=== Begin Enclosure ===

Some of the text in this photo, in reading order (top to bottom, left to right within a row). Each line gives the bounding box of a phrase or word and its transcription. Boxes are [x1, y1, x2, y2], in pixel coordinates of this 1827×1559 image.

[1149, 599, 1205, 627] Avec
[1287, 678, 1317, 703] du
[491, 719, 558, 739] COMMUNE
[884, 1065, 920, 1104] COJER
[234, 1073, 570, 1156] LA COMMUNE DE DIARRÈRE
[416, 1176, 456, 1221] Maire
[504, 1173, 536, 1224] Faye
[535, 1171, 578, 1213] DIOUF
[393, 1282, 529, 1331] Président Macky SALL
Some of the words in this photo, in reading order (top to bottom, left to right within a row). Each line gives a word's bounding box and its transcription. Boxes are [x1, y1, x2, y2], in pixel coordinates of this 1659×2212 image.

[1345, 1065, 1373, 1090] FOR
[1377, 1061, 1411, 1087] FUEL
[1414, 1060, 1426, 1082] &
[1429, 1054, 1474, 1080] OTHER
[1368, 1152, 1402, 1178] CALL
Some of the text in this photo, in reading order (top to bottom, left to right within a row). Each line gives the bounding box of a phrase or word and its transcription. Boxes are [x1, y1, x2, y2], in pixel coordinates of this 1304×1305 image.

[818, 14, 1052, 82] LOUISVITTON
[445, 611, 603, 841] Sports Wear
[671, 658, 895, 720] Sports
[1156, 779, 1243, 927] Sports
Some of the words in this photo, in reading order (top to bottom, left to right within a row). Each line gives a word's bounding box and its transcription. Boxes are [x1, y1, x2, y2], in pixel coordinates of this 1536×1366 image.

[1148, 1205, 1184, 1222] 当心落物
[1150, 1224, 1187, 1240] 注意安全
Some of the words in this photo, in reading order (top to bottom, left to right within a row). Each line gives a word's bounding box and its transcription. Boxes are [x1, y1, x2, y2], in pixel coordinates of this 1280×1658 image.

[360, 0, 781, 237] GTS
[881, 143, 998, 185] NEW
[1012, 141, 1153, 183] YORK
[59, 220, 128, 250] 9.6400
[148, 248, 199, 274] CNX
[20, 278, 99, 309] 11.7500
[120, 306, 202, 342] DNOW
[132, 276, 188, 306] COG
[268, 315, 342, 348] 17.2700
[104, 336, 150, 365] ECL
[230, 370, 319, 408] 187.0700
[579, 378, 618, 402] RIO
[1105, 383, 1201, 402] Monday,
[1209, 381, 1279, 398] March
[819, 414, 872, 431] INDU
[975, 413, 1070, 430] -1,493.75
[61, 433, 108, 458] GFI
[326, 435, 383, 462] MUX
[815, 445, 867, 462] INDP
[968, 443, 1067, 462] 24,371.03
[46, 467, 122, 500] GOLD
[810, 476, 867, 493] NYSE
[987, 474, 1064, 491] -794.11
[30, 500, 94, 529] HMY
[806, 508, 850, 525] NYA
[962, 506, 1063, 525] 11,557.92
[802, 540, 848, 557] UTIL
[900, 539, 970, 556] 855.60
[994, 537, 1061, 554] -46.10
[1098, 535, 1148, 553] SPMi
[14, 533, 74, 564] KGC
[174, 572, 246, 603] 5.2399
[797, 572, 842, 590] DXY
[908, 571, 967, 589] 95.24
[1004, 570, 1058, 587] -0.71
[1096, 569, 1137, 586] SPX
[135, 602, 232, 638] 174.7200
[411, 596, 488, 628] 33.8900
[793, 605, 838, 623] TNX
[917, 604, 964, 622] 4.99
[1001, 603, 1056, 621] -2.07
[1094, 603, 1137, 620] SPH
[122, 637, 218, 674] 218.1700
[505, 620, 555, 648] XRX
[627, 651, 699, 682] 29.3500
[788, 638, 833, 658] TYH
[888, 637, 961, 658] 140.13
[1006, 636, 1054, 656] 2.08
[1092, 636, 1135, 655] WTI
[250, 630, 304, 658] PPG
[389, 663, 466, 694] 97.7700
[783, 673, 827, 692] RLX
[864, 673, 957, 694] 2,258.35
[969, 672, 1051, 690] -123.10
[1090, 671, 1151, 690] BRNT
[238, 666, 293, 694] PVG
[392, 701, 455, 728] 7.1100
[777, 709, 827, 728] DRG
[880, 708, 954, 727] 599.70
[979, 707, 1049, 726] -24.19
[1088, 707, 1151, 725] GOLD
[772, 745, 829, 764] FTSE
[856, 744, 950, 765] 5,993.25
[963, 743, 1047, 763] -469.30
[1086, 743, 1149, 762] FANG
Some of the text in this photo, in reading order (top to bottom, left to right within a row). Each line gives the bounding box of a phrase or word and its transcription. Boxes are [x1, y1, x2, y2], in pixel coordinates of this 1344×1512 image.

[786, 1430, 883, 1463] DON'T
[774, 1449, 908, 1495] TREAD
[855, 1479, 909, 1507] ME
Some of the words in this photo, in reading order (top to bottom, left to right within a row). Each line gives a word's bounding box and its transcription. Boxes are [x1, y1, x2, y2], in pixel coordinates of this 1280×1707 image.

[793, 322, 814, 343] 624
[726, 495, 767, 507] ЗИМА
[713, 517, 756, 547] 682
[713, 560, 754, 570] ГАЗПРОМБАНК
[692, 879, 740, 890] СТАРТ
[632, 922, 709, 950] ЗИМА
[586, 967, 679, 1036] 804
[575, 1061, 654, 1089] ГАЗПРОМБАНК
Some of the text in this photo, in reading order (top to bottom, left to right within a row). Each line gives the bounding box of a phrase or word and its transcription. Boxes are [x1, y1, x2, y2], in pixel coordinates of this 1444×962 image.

=== End Enclosure ===

WORK TASK: Your answer must be the full set of entries, copied exactly.

RESPONSE BELOW:
Some of the text in this photo, in reading order (top to bottom, left to right within a row). Each line gives the bounding box of a phrase or word and its transcription. Boxes are [x1, y1, x2, y2], in pixel coordinates of this 1827×1559 image.

[1149, 599, 1205, 627] Avec
[1287, 678, 1317, 703] du
[491, 719, 558, 739] COMMUNE
[884, 1065, 920, 1104] COJER
[234, 1073, 570, 1156] LA COMMUNE DE DIARRÈRE
[416, 1176, 456, 1221] Maire
[504, 1173, 536, 1224] Faye
[535, 1171, 578, 1213] DIOUF
[393, 1282, 529, 1331] Président Macky SALL
Some of the words in this photo, in reading order (top to bottom, left to right within a row). Each line gives a word's bounding box and its transcription. Boxes are [x1, y1, x2, y2], in pixel coordinates of this 1659×2212 image.

[1345, 1065, 1373, 1090] FOR
[1377, 1061, 1411, 1087] FUEL
[1414, 1060, 1426, 1082] &
[1429, 1054, 1474, 1080] OTHER
[1368, 1152, 1402, 1178] CALL
Some of the text in this photo, in reading order (top to bottom, left to right within a row). Each line gives the bounding box of a phrase or word and its transcription. Boxes are [x1, y1, x2, y2], in pixel coordinates of this 1304×1305 image.

[818, 14, 1052, 82] LOUISVITTON
[445, 611, 603, 841] Sports Wear
[671, 658, 895, 720] Sports
[1156, 779, 1243, 927] Sports
Some of the words in this photo, in reading order (top to bottom, left to right within a row). Each line gives a word's bounding box and its transcription. Boxes are [x1, y1, x2, y2], in pixel coordinates of this 1536×1366 image.

[1148, 1205, 1184, 1222] 当心落物
[1150, 1224, 1187, 1240] 注意安全
Some of the words in this photo, in reading order (top to bottom, left to right within a row). Each line gives a word's bounding box and its transcription. Boxes are [x1, y1, x2, y2], in pixel coordinates of this 1280×1658 image.

[360, 0, 781, 237] GTS
[881, 143, 998, 185] NEW
[1012, 141, 1153, 183] YORK
[59, 220, 128, 250] 9.6400
[148, 248, 199, 274] CNX
[20, 278, 99, 309] 11.7500
[120, 306, 202, 342] DNOW
[132, 276, 188, 306] COG
[268, 315, 342, 348] 17.2700
[104, 336, 150, 365] ECL
[230, 370, 319, 408] 187.0700
[579, 378, 618, 402] RIO
[1105, 383, 1201, 402] Monday,
[1209, 381, 1279, 398] March
[819, 414, 872, 431] INDU
[975, 413, 1070, 430] -1,493.75
[61, 433, 108, 458] GFI
[326, 435, 383, 462] MUX
[815, 445, 867, 462] INDP
[968, 443, 1067, 462] 24,371.03
[46, 467, 122, 500] GOLD
[810, 476, 867, 493] NYSE
[987, 474, 1064, 491] -794.11
[30, 500, 94, 529] HMY
[806, 508, 850, 525] NYA
[962, 506, 1063, 525] 11,557.92
[802, 540, 848, 557] UTIL
[900, 539, 970, 556] 855.60
[994, 537, 1061, 554] -46.10
[1098, 535, 1148, 553] SPMi
[14, 533, 74, 564] KGC
[174, 572, 246, 603] 5.2399
[797, 572, 842, 590] DXY
[908, 571, 967, 589] 95.24
[1004, 570, 1058, 587] -0.71
[1096, 569, 1137, 586] SPX
[135, 602, 232, 638] 174.7200
[411, 596, 488, 628] 33.8900
[793, 605, 838, 623] TNX
[917, 604, 964, 622] 4.99
[1001, 603, 1056, 621] -2.07
[1094, 603, 1137, 620] SPH
[122, 637, 218, 674] 218.1700
[505, 620, 555, 648] XRX
[627, 651, 699, 682] 29.3500
[788, 638, 833, 658] TYH
[888, 637, 961, 658] 140.13
[1006, 636, 1054, 656] 2.08
[1092, 636, 1135, 655] WTI
[250, 630, 304, 658] PPG
[389, 663, 466, 694] 97.7700
[783, 673, 827, 692] RLX
[864, 673, 957, 694] 2,258.35
[969, 672, 1051, 690] -123.10
[1090, 671, 1151, 690] BRNT
[238, 666, 293, 694] PVG
[392, 701, 455, 728] 7.1100
[777, 709, 827, 728] DRG
[880, 708, 954, 727] 599.70
[979, 707, 1049, 726] -24.19
[1088, 707, 1151, 725] GOLD
[772, 745, 829, 764] FTSE
[856, 744, 950, 765] 5,993.25
[963, 743, 1047, 763] -469.30
[1086, 743, 1149, 762] FANG
Some of the text in this photo, in reading order (top to bottom, left to right within a row). Each line gives the bounding box of a phrase or word and its transcription. Boxes are [x1, y1, x2, y2], in pixel coordinates of this 1344×1512 image.

[786, 1430, 883, 1463] DON'T
[774, 1449, 908, 1495] TREAD
[855, 1479, 909, 1507] ME
Some of the words in this photo, in reading order (top to bottom, left to right within a row). Each line gives a word's bounding box and its transcription. Boxes are [x1, y1, x2, y2], in pixel coordinates of this 1280×1707 image.

[793, 322, 814, 343] 624
[726, 495, 767, 507] ЗИМА
[713, 517, 756, 547] 682
[713, 560, 754, 570] ГАЗПРОМБАНК
[692, 879, 740, 890] СТАРТ
[632, 922, 709, 950] ЗИМА
[586, 967, 679, 1036] 804
[575, 1061, 654, 1089] ГАЗПРОМБАНК
Some of the text in this photo, in reading order (top to bottom, left to right within a row). Each line gives the bounding box of a phrase or word and its transcription. Boxes are [x1, y1, x2, y2], in pixel coordinates of this 1444×962 image.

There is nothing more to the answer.